Lors des Assises de la cybersécurité, un événement réunissant l’écosystème français de la cybersécurité du 8 au 10 octobre, Vincent Strubel, directeur général de l’Anssi, a souligné l’importance de développer des solutions capables de résister aux attaques d’un ordinateur quantique. Si ces machines restent encore très éloignées d’une industrialisation, les chercheurs estiment qu’une fois déployées, elles pourraient compromettre les systèmes de chiffrement classiques.
Rencontré sur place à Monaco, le directeur de l'agence en charge des alertes cyber, nous explique pourquoi il est crucial d’anticiper ces scénarios catastrophes, tout en rappelant les nouveaux standards qui devraient entrer en vigueur avec la transposition du règlement européen NIS2.
La Tribune - Dans un geste rare, vous êtes intervenu pour démentir une prétendue cyberattaque relayée et amplifiée sur les réseaux sociaux.
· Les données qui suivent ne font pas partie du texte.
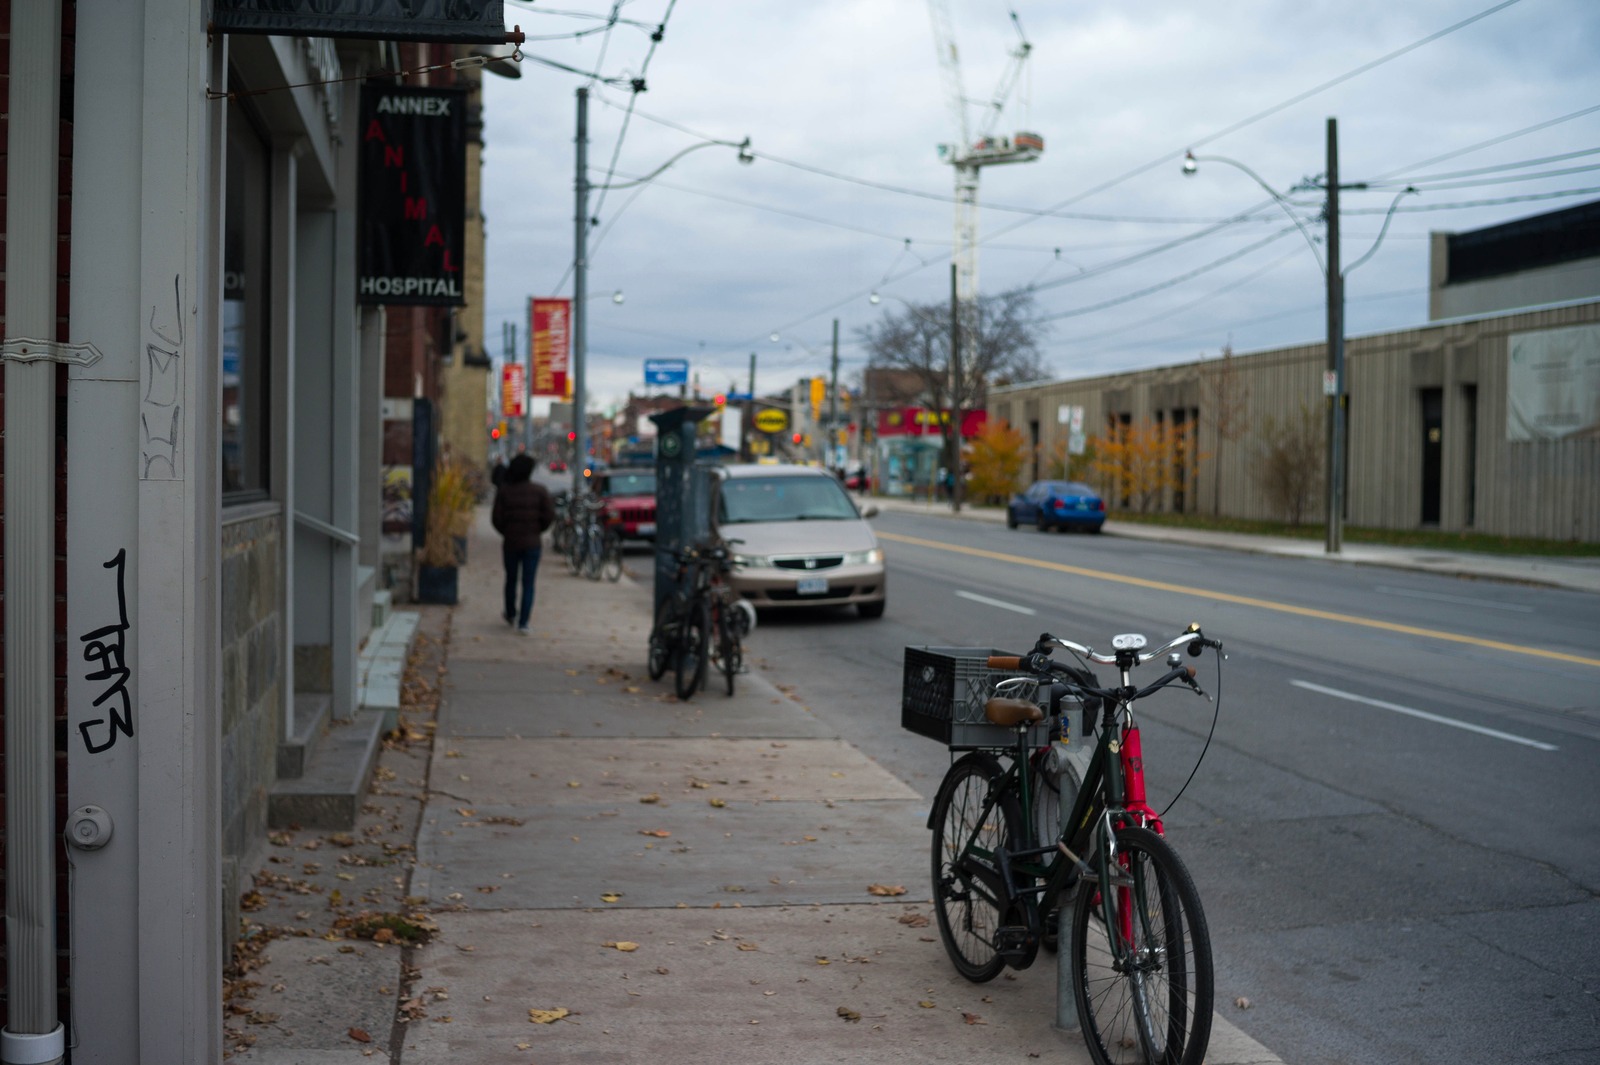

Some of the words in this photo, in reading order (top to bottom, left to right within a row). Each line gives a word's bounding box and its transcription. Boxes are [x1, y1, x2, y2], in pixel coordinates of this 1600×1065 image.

[377, 96, 451, 116] ANNEX
[365, 119, 459, 272] ANIMAL
[360, 277, 460, 297] HOSPITAL
Cette réaction montre-t-elle qu’il devient nécessaire d’apporter un peu de raison dans la panique autour des fuites de données ?
VINCENT STRUBEL - Ma première préoccupation, c’est que les équipes concernées puissent faire correctement leur travail. Dans le cas de la revendication visant l’Agence nationale des titres sécurisés (ANTS), il a fallu, comme à chaque fois, un temps d’enquête et d’analyse pour mesurer l’impact réel. C’est parfois frustrant, y compris pour les professionnels, mais cela prend du temps et on a besoin de le rappeler avant que les réseaux sociaux s’emballent. Les équipes chargées de la sécurité, elles, ne peuvent pas être guidées ou influencées par le poids médiatique d’une revendication. Ce qui est regrettable, c’est qu’une fois la rumeur amplifiée, le mal est souvent fait. On retient avant tout que l’entité a été attaquée, même lorsque tout est faux.